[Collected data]
+ + + + + + +

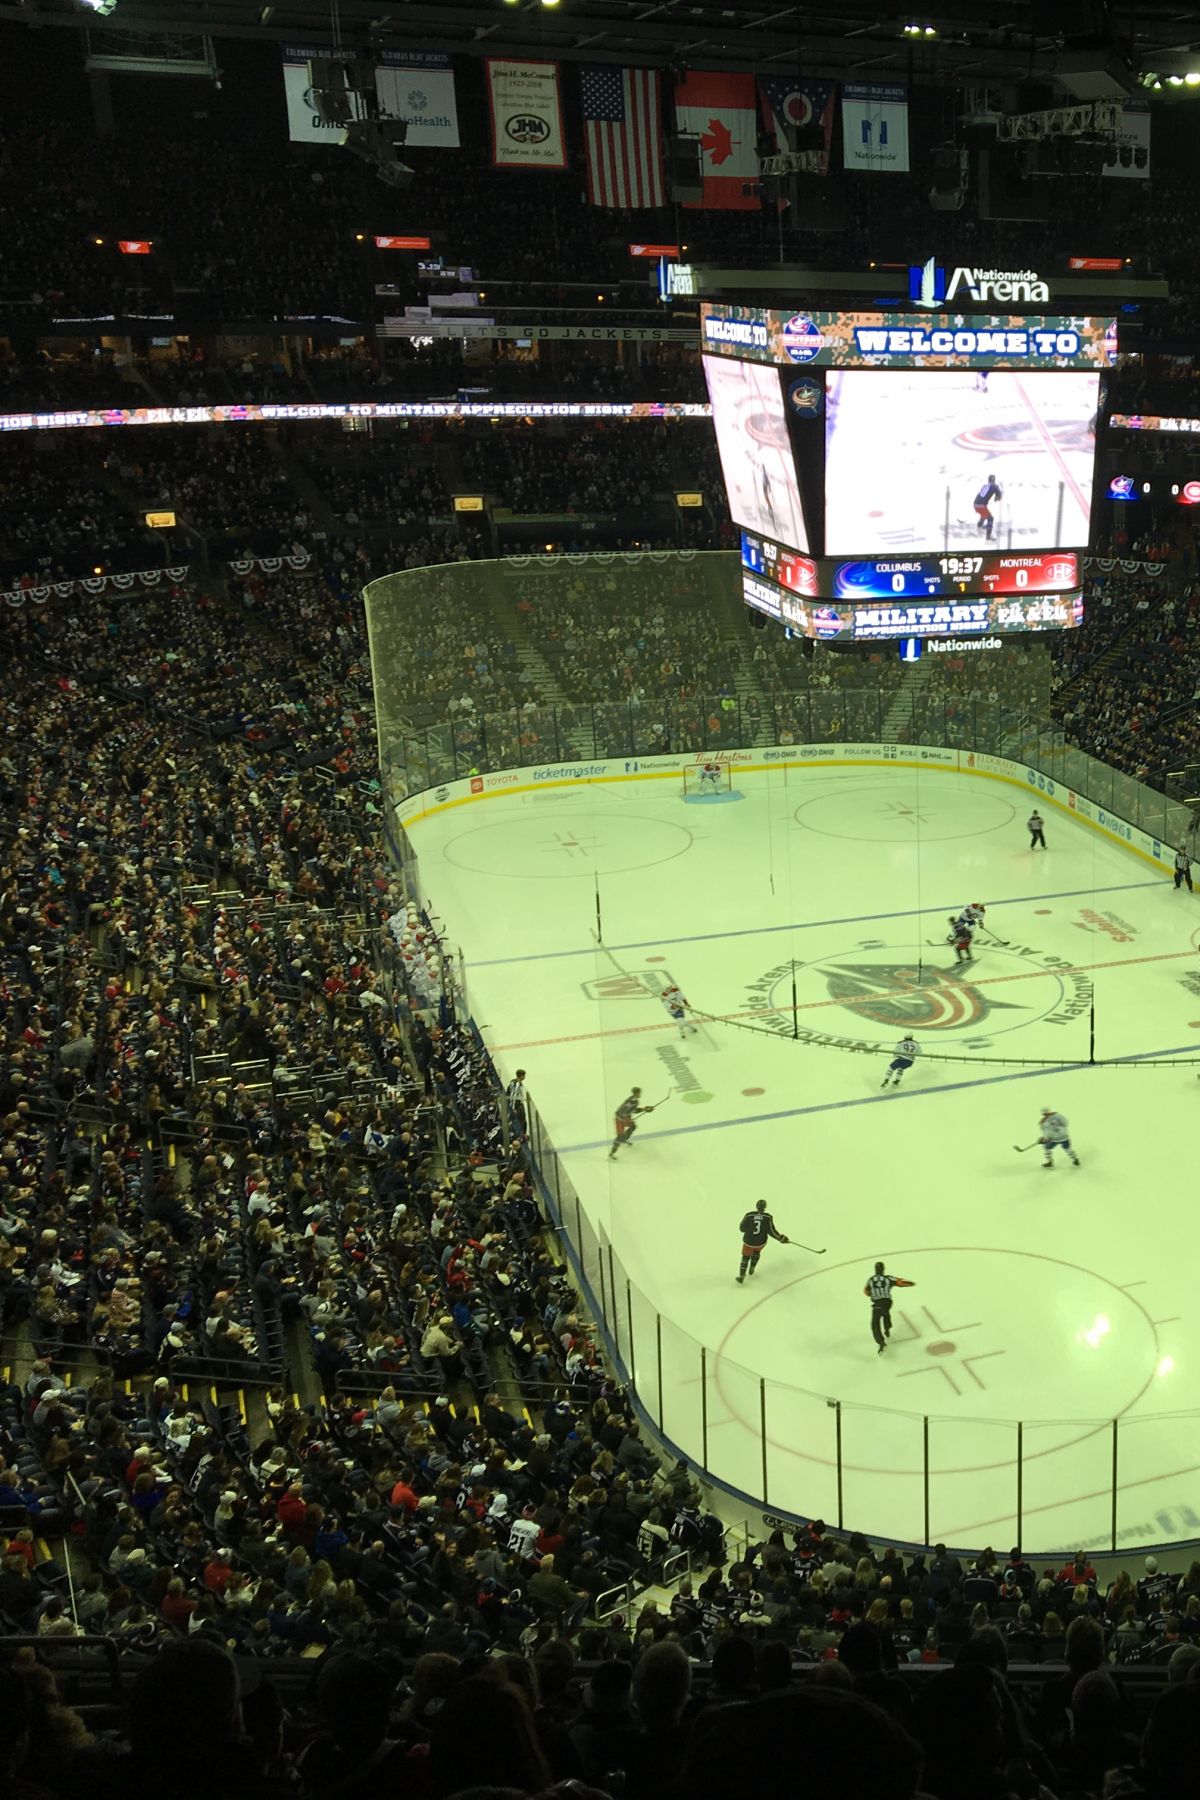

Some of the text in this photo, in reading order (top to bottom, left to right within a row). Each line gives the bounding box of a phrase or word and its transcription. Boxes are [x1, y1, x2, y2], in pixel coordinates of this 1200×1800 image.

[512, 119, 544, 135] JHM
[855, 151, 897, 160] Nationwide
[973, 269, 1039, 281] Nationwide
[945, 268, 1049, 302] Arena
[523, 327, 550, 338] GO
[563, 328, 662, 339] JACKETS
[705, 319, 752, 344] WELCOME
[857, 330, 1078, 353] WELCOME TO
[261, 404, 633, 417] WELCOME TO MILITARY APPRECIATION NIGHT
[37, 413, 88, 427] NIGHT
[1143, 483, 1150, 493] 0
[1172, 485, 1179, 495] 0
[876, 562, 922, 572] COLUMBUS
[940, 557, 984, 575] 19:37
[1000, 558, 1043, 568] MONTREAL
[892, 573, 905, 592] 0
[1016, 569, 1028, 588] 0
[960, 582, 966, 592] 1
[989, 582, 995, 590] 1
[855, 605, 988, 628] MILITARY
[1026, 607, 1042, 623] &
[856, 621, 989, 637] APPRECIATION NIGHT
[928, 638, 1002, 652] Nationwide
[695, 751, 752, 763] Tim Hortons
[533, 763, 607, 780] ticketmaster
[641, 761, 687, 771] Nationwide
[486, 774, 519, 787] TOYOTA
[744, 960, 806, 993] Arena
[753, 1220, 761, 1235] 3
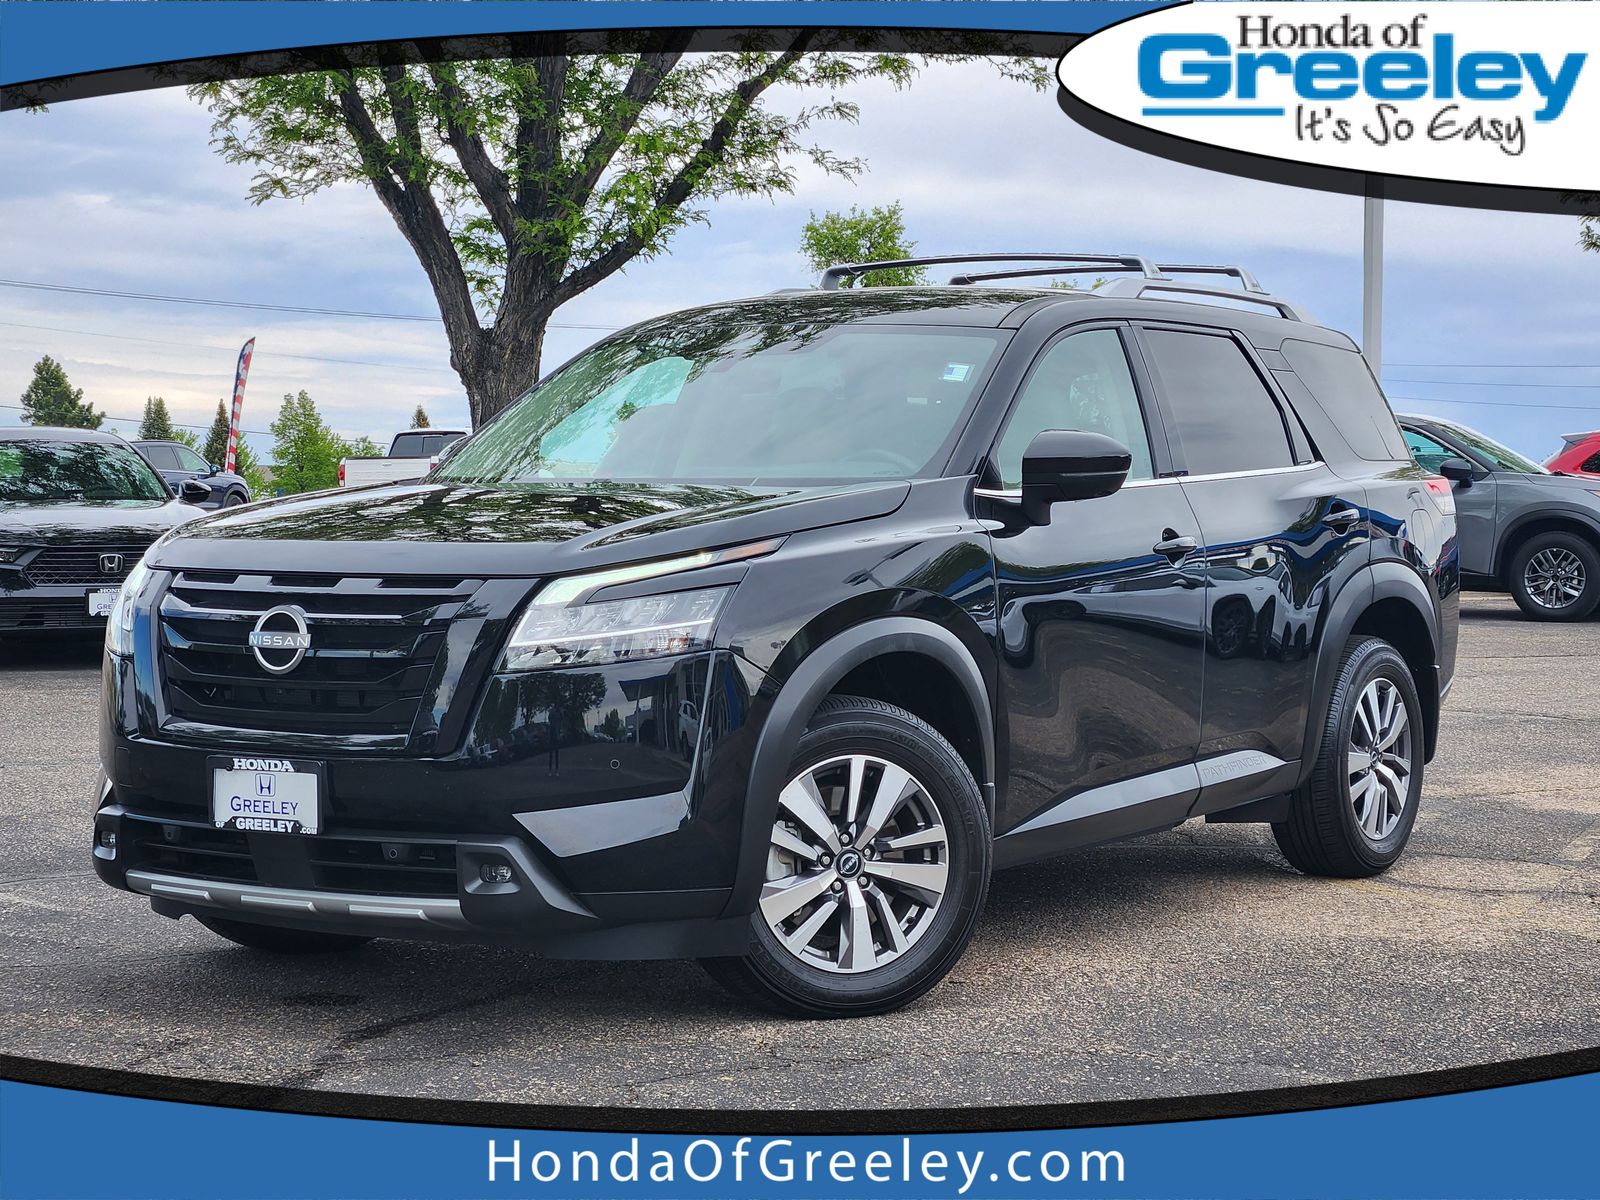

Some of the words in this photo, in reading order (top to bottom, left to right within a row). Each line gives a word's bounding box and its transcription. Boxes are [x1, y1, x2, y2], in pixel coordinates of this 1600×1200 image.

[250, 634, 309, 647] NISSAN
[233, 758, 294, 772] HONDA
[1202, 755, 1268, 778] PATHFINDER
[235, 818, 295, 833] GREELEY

+ + + + + + +

> _Activity_:
Copy every entry exactly, leaving out the pictures.

> _Output for this exercise_:
Some of the text in this photo, in reading order (top to bottom, left to right within a row). Each line gives the bounding box of a phrase or word and its transcription. Boxes are [x1, y1, x2, y2], in pixel coordinates of this 1200×1800 image.

[512, 119, 544, 135] JHM
[855, 151, 897, 160] Nationwide
[973, 269, 1039, 281] Nationwide
[945, 268, 1049, 302] Arena
[523, 327, 550, 338] GO
[563, 328, 662, 339] JACKETS
[705, 319, 752, 344] WELCOME
[857, 330, 1078, 353] WELCOME TO
[261, 404, 633, 417] WELCOME TO MILITARY APPRECIATION NIGHT
[37, 413, 88, 427] NIGHT
[1143, 483, 1150, 493] 0
[1172, 485, 1179, 495] 0
[876, 562, 922, 572] COLUMBUS
[940, 557, 984, 575] 19:37
[1000, 558, 1043, 568] MONTREAL
[892, 573, 905, 592] 0
[1016, 569, 1028, 588] 0
[960, 582, 966, 592] 1
[989, 582, 995, 590] 1
[855, 605, 988, 628] MILITARY
[1026, 607, 1042, 623] &
[856, 621, 989, 637] APPRECIATION NIGHT
[928, 638, 1002, 652] Nationwide
[695, 751, 752, 763] Tim Hortons
[533, 763, 607, 780] ticketmaster
[641, 761, 687, 771] Nationwide
[486, 774, 519, 787] TOYOTA
[744, 960, 806, 993] Arena
[753, 1220, 761, 1235] 3

Some of the words in this photo, in reading order (top to bottom, left to right within a row). Each line gives a word's bounding box and its transcription. Boxes are [x1, y1, x2, y2], in pixel coordinates of this 1600×1200 image.

[250, 634, 309, 647] NISSAN
[233, 758, 294, 772] HONDA
[1202, 755, 1268, 778] PATHFINDER
[235, 818, 295, 833] GREELEY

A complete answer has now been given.